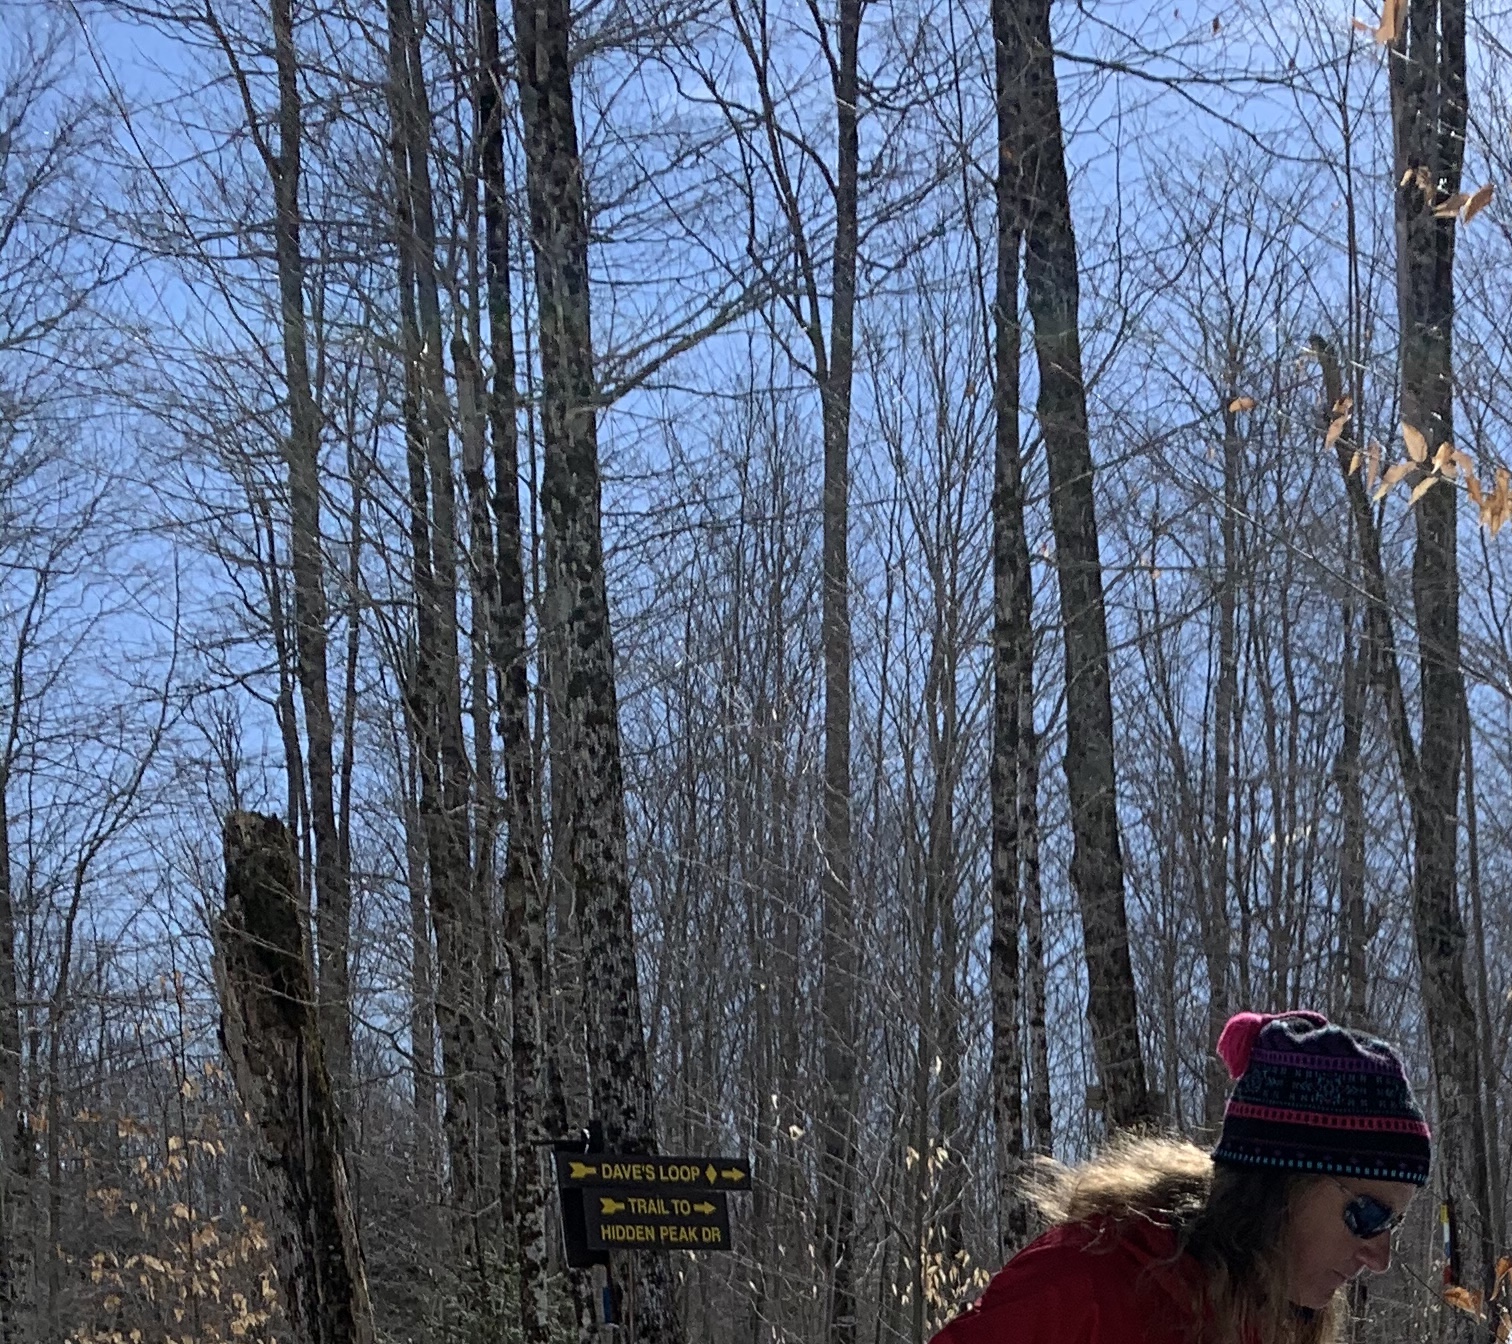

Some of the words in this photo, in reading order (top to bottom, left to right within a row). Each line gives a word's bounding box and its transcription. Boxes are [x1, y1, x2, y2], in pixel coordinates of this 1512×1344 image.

[601, 1163, 655, 1181] DAVE'S
[659, 1164, 700, 1182] LOOP
[628, 1197, 670, 1215] TRAIL
[671, 1198, 691, 1215] TO
[601, 1223, 655, 1241] HIDDEN
[659, 1225, 698, 1242] PEAK
[702, 1226, 722, 1242] DR
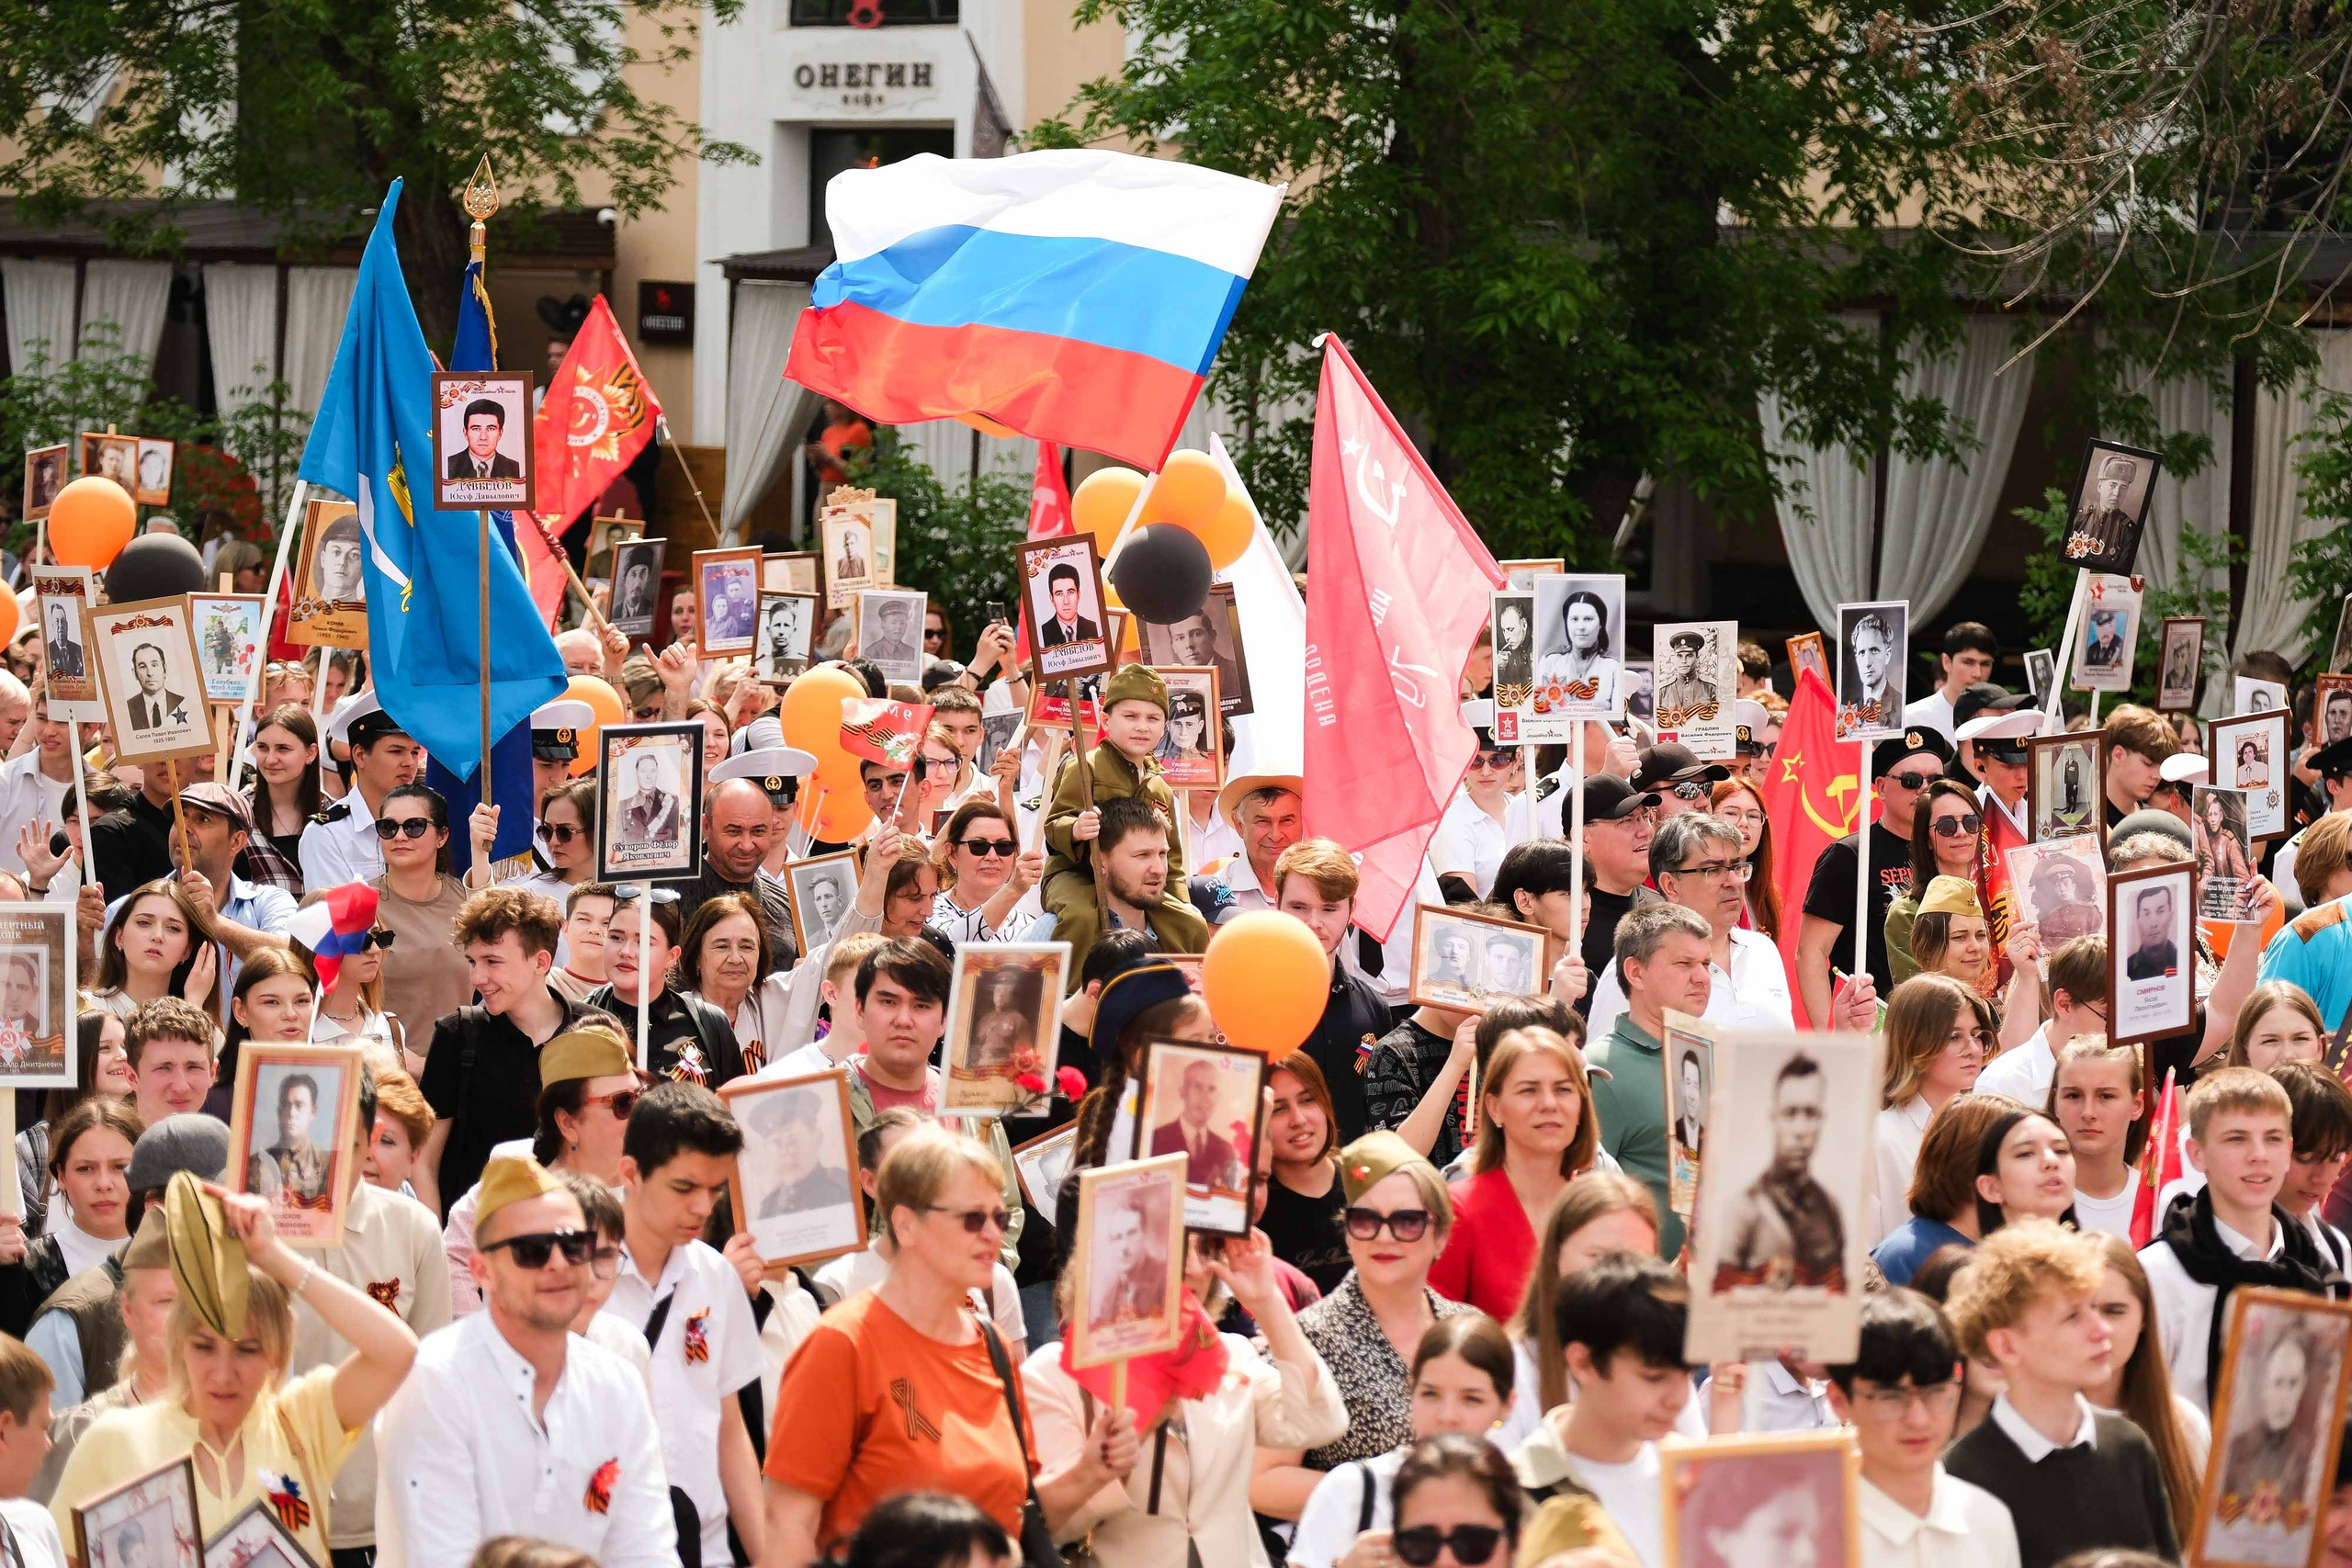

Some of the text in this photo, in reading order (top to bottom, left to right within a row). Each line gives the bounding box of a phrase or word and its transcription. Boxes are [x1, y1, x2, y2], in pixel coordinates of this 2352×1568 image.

[794, 62, 933, 89] ОНЕГИН
[456, 481, 513, 492] ДАВЫДОВ
[449, 492, 520, 502] Юсуф Давыдович
[1052, 643, 1094, 659] ДАВЫДОВ
[1047, 653, 1102, 669] Юсуф Давыдович
[612, 842, 650, 852] Суворов
[621, 851, 671, 862] Яковлевич
[2136, 984, 2165, 996] СМИРНОВ
[19, 1059, 63, 1070] Дмитриевич

■ AIM OF THE TASK:
Print the whole listing above exactly, and keep every picture out of the copy.

■ TASK RESULT:
Some of the words in this photo, in reading order (top to bottom, left to right within a row). Each line gives a word's bounding box and its transcription. Boxes are [x1, y1, x2, y2], in pixel coordinates of this 1512×1344 image.

[601, 1163, 655, 1181] DAVE'S
[659, 1164, 700, 1182] LOOP
[628, 1197, 670, 1215] TRAIL
[671, 1198, 691, 1215] TO
[601, 1223, 655, 1241] HIDDEN
[659, 1225, 698, 1242] PEAK
[702, 1226, 722, 1242] DR

Some of the text in this photo, in reading order (top to bottom, left to right within a row). Each line gives the bounding box of a phrase or word and its transcription. Boxes are [x1, y1, x2, y2], in pixel coordinates of this 2352×1568 image.

[794, 62, 933, 89] ОНЕГИН
[456, 481, 513, 492] ДАВЫДОВ
[449, 492, 520, 502] Юсуф Давыдович
[1052, 643, 1094, 659] ДАВЫДОВ
[1047, 653, 1102, 669] Юсуф Давыдович
[612, 842, 650, 852] Суворов
[621, 851, 671, 862] Яковлевич
[2136, 984, 2165, 996] СМИРНОВ
[19, 1059, 63, 1070] Дмитриевич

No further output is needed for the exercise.